Data for this exercise>
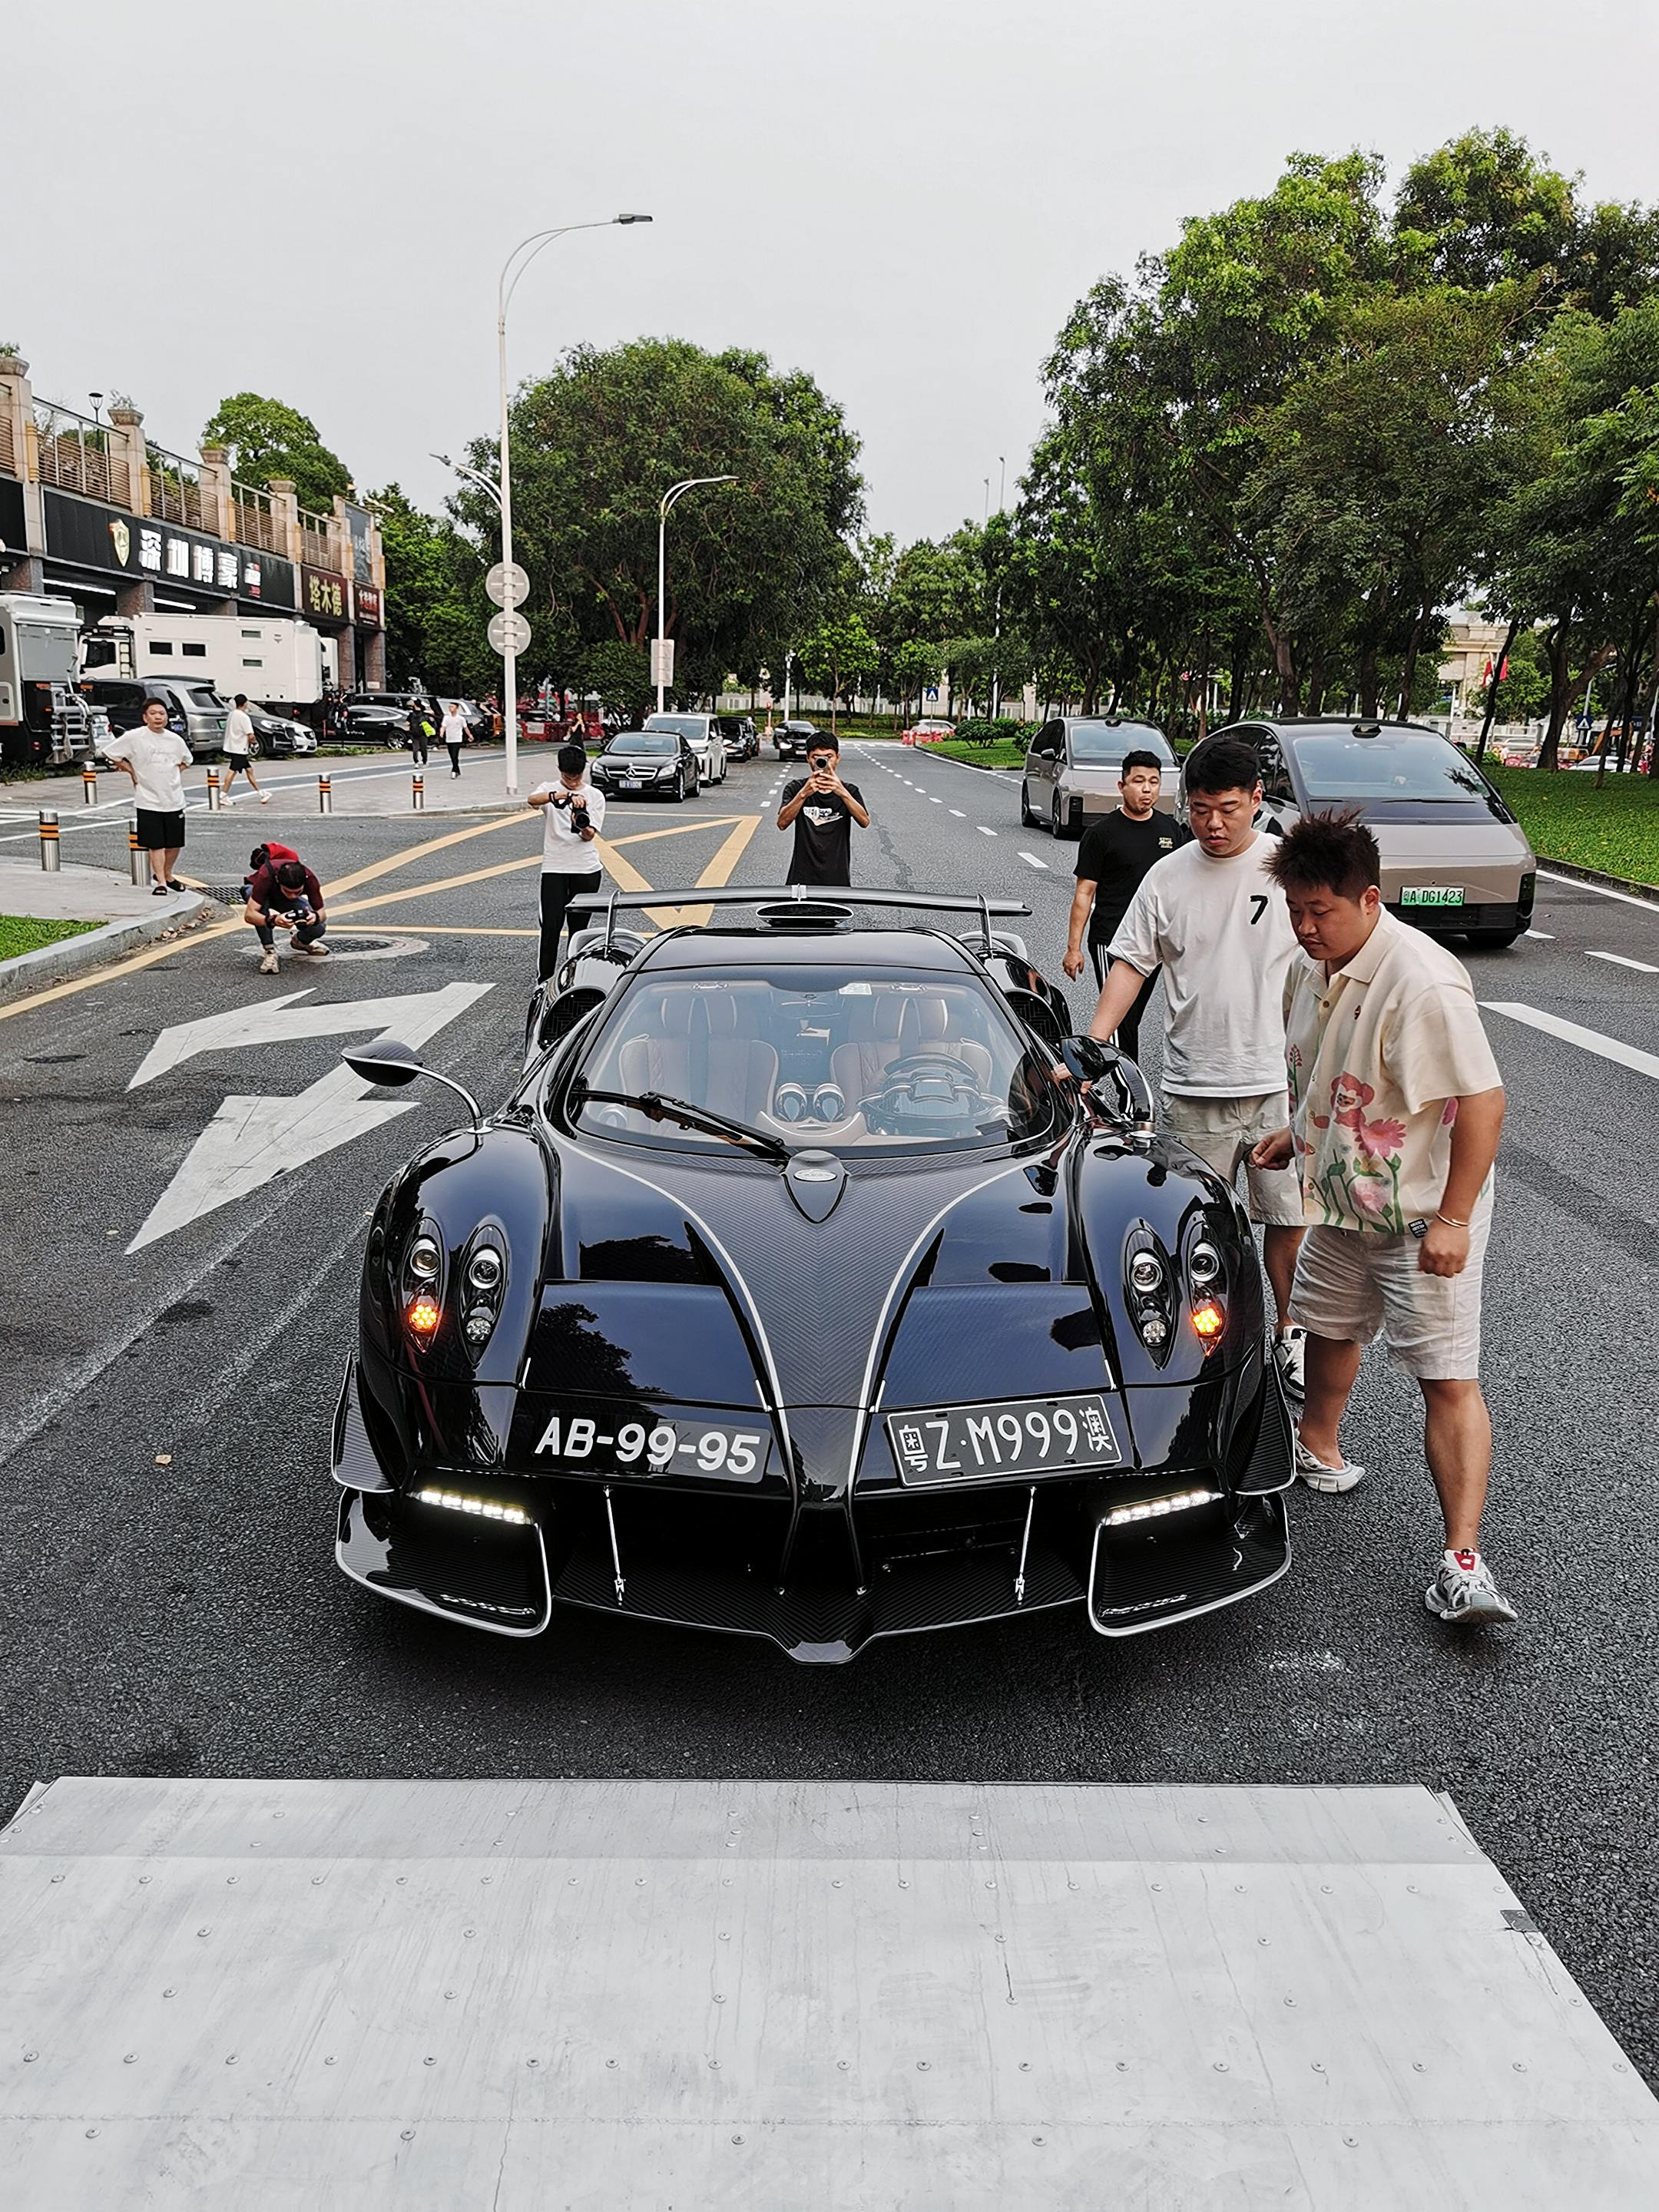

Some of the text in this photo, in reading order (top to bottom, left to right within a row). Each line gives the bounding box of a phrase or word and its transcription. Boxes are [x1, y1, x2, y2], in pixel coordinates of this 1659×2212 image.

[139, 528, 237, 589] 深圳博豪
[1250, 895, 1268, 925] 7
[535, 1417, 760, 1475] AB-99-95
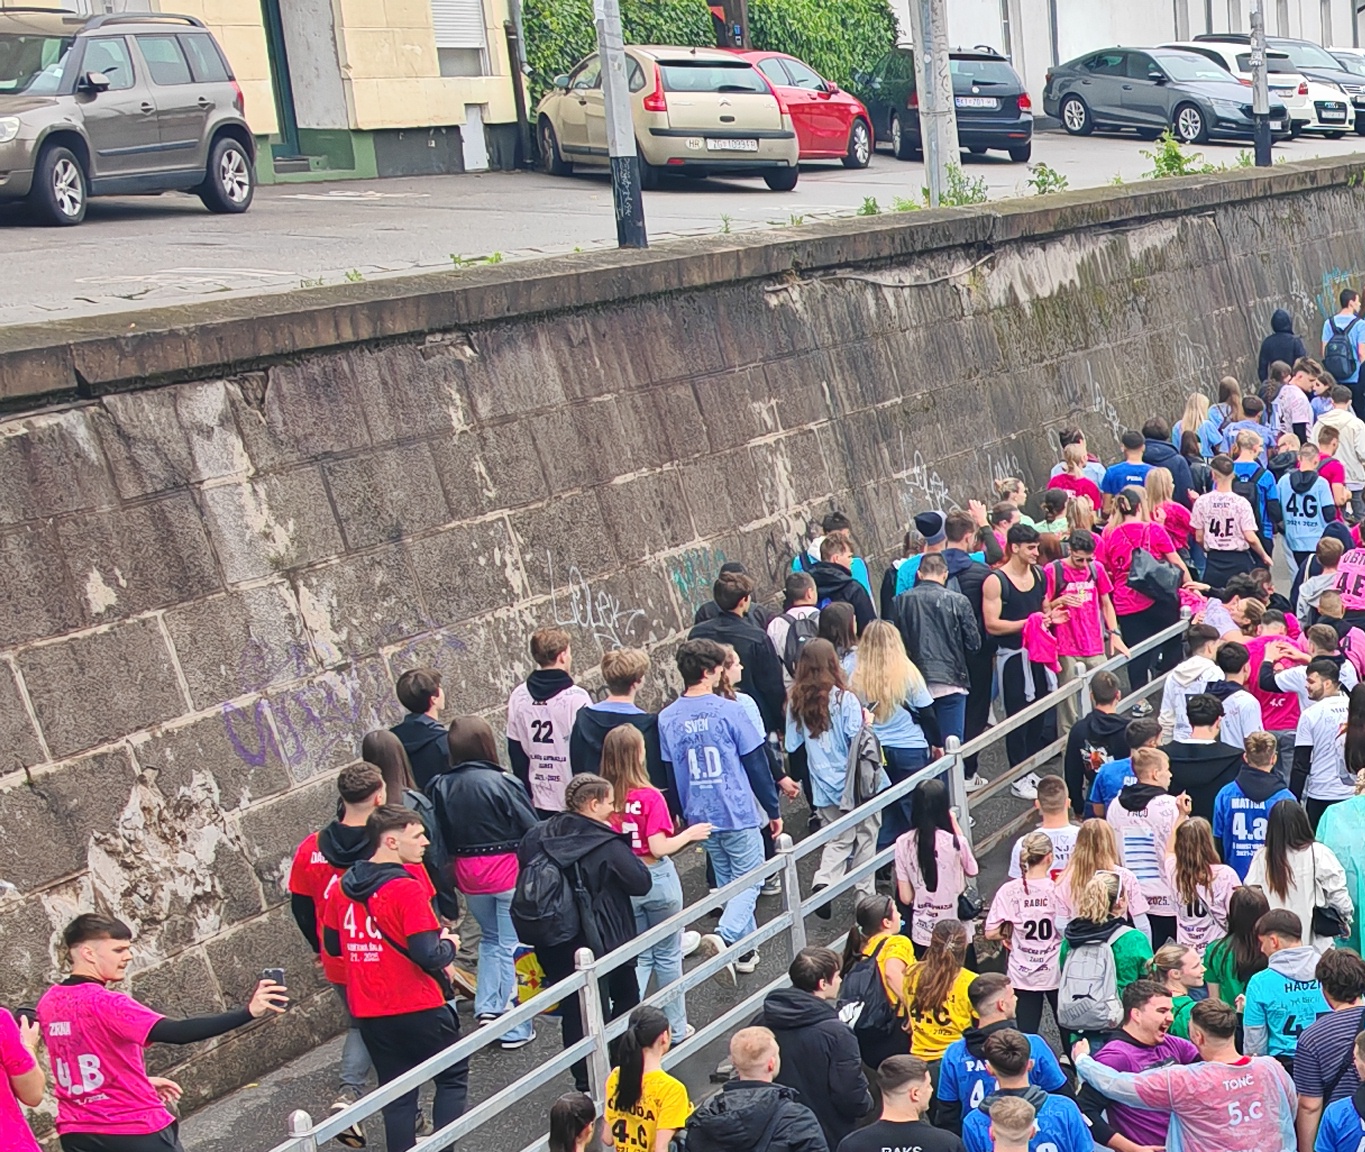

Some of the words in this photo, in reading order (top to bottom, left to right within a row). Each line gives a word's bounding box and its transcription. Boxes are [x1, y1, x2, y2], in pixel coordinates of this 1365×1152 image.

[687, 138, 700, 148] HR
[1286, 494, 1318, 520] 4.G
[1209, 517, 1235, 538] 4.E
[1336, 571, 1365, 598] 4.E
[531, 720, 555, 744] 22
[684, 720, 709, 734] SVEN
[686, 747, 721, 780] 4.D
[1232, 812, 1266, 841] 4.a
[1024, 897, 1049, 909] RABIĆ
[1023, 919, 1053, 941] 20
[613, 1120, 648, 1147] 4.C
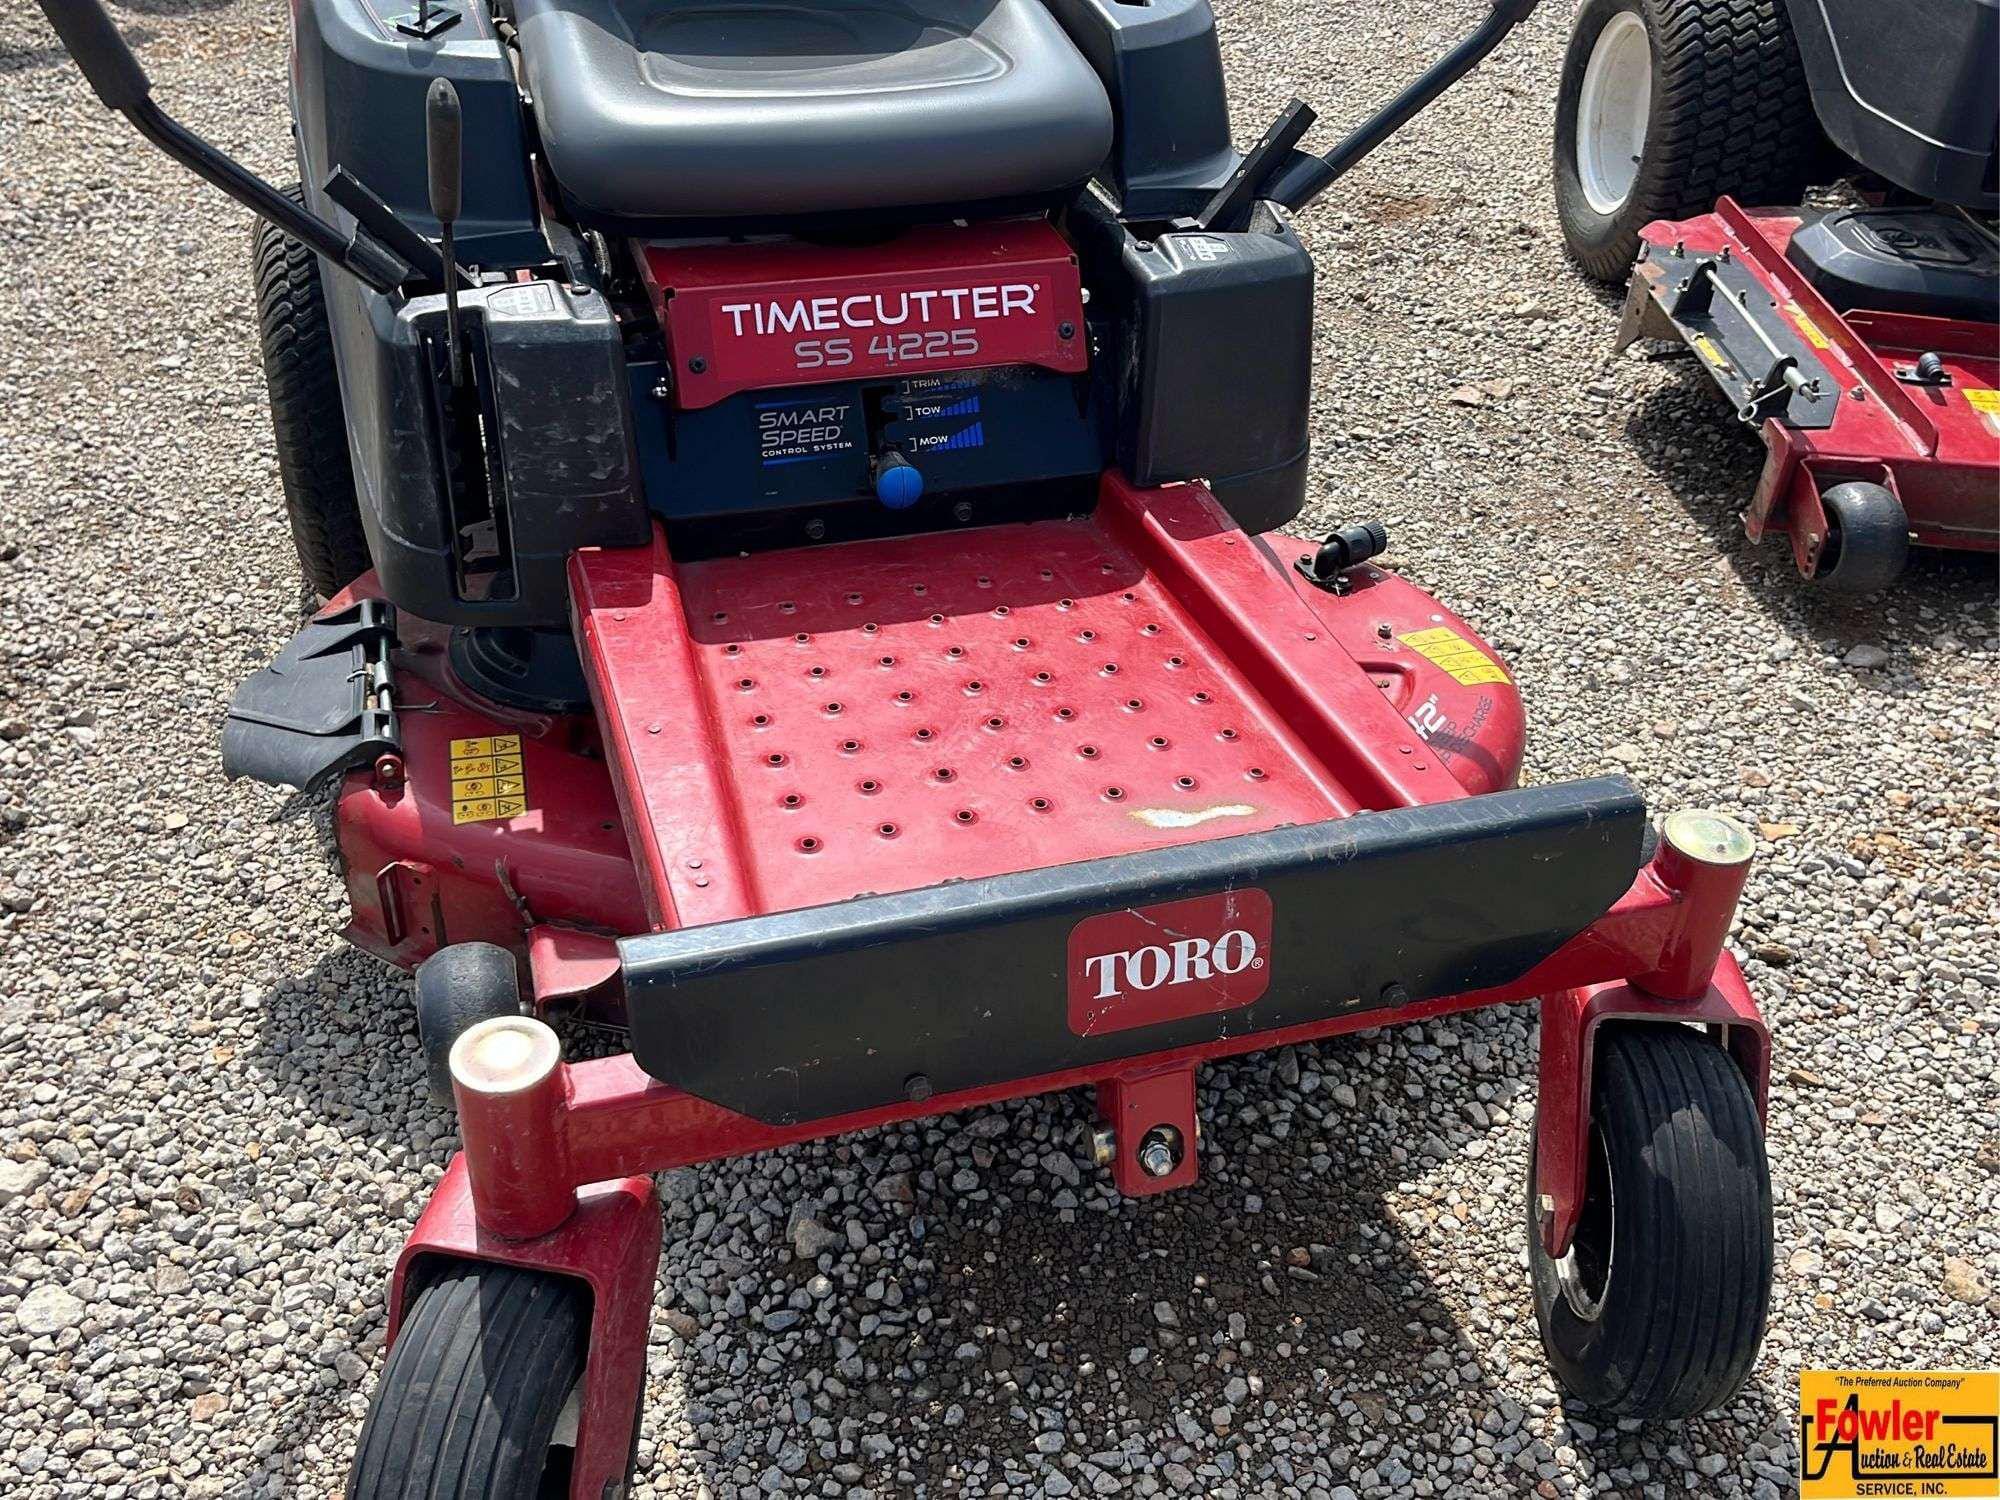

What the exercise asks>
Your task is to transcribe exactly the lines from the one containing "Some of the words" through the final line of the entries above, pictures excluded.

Answer to this exercise>
Some of the words in this photo, in reading order (top to bottom, left to right within a row). Each line gives a word's bounding box and its transcription. Boxes are [x1, y1, x2, y2], in pixel coordinates of this 1365×1152 image.

[687, 138, 700, 148] HR
[1286, 494, 1318, 520] 4.G
[1209, 517, 1235, 538] 4.E
[1336, 571, 1365, 598] 4.E
[531, 720, 555, 744] 22
[684, 720, 709, 734] SVEN
[686, 747, 721, 780] 4.D
[1232, 812, 1266, 841] 4.a
[1024, 897, 1049, 909] RABIĆ
[1023, 919, 1053, 941] 20
[613, 1120, 648, 1147] 4.C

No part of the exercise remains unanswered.